-- Supplied entries follows --

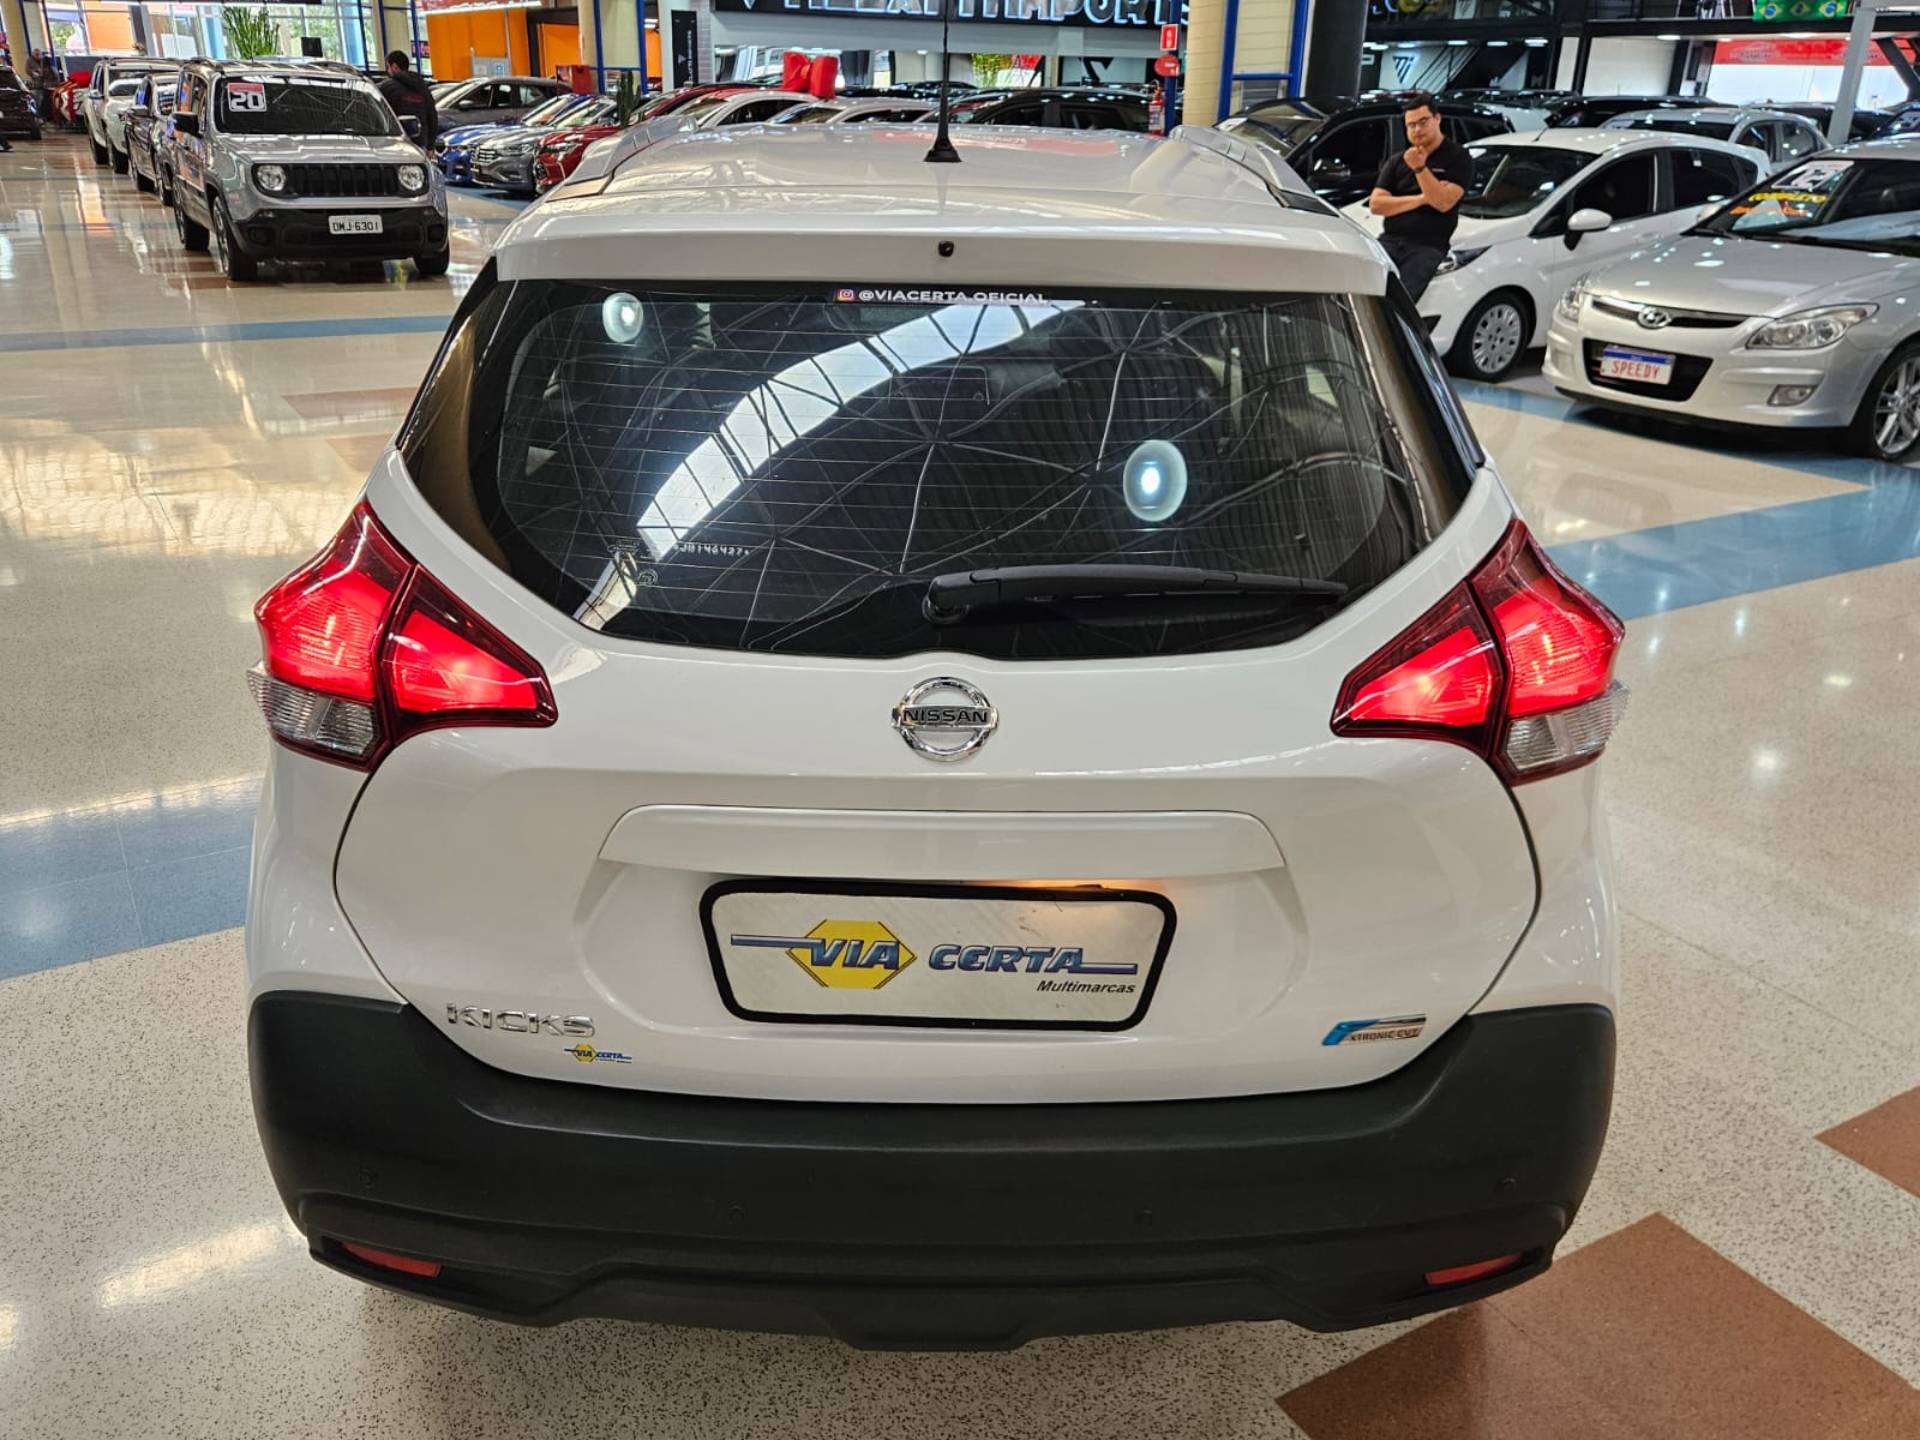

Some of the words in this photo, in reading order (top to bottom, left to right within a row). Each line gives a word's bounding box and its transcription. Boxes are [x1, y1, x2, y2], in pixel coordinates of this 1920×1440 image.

[231, 92, 265, 110] 20
[1612, 360, 1661, 379] SPEEDY
[903, 710, 988, 722] NISSAN
[811, 938, 900, 971] VIA
[928, 944, 1085, 973] CERTA
[1036, 980, 1136, 995] Multimarcas
[447, 1003, 595, 1038] KICKS
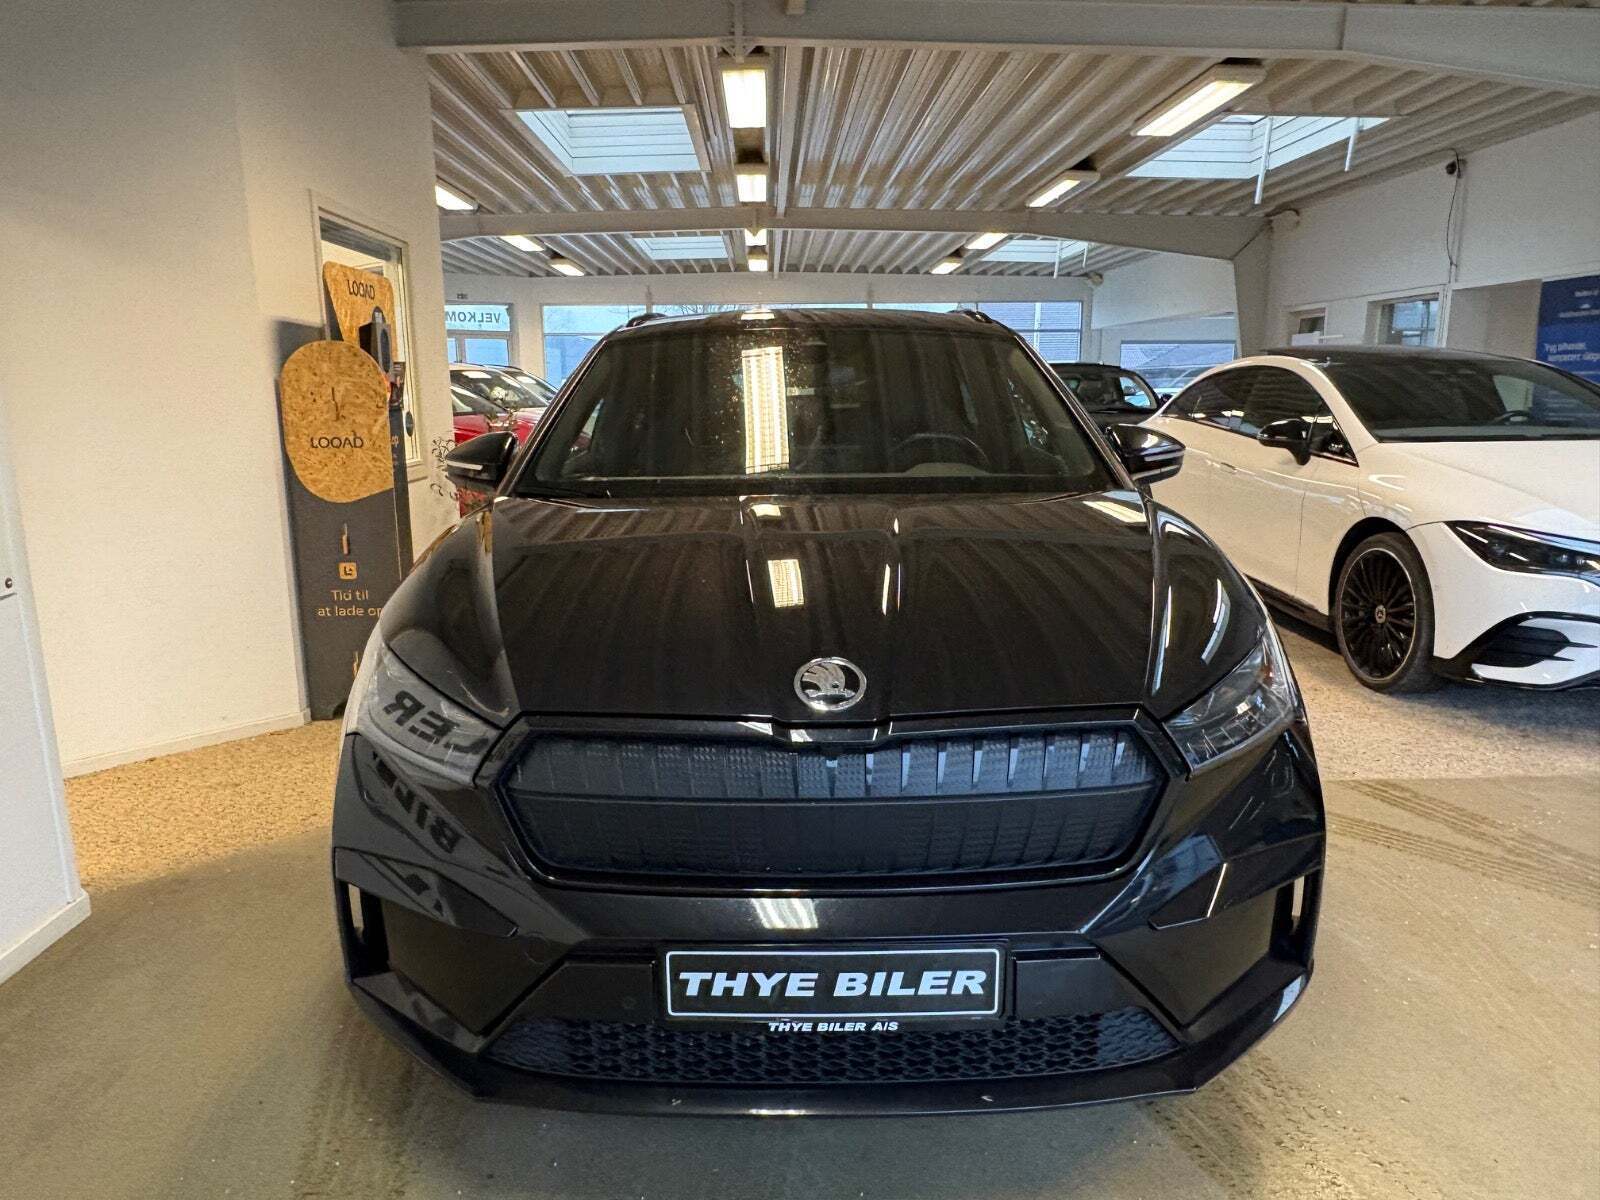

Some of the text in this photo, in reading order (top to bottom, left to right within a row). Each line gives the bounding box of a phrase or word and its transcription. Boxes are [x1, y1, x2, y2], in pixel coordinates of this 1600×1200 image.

[331, 588, 369, 601] Tid til
[318, 606, 331, 616] at
[335, 605, 365, 616] lade
[679, 970, 987, 998] THYE BILER
[768, 1021, 813, 1032] THYE
[817, 1021, 866, 1032] BILER
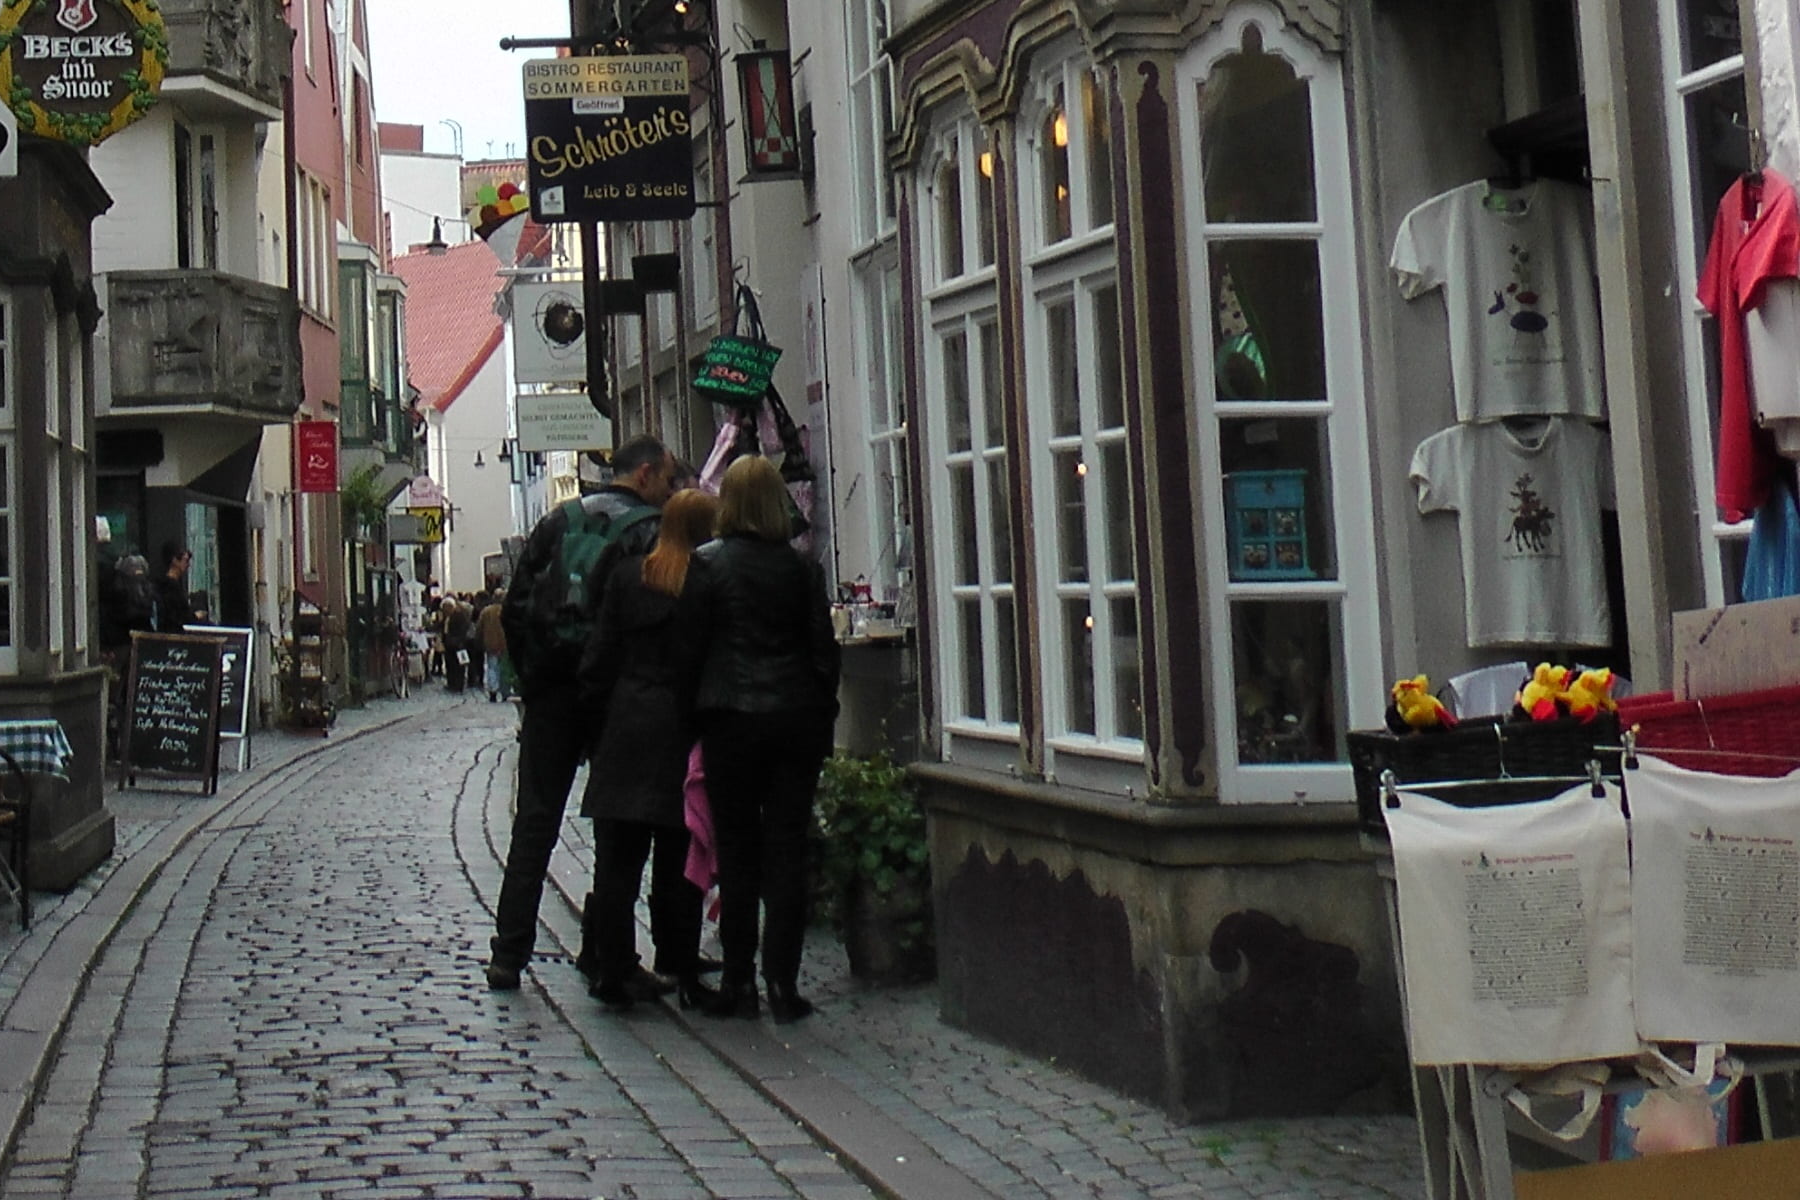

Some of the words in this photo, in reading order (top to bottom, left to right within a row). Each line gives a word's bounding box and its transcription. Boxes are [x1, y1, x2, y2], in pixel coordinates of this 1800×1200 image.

[527, 62, 580, 78] BISTRO
[587, 60, 683, 76] RESTAURANT
[42, 75, 114, 100] Snoor
[527, 79, 686, 95] SOMMERGARTEN
[531, 106, 690, 178] Schröter's
[583, 184, 620, 199] Leib
[642, 182, 688, 197] Seele

-- Supplied entries concluded --

# Task to carry out
Could you reproduce, exactly as written, the lines running from the one with "this 1800×1200 image." to the end of the entries above?

# Written response
Some of the words in this photo, in reading order (top to bottom, left to right within a row). Each line gives a word's bounding box and its transcription. Boxes are [x1, y1, x2, y2], in pixel coordinates of this 1800×1200 image.

[527, 62, 580, 78] BISTRO
[587, 60, 683, 76] RESTAURANT
[42, 75, 114, 100] Snoor
[527, 79, 686, 95] SOMMERGARTEN
[531, 106, 690, 178] Schröter's
[583, 184, 620, 199] Leib
[642, 182, 688, 197] Seele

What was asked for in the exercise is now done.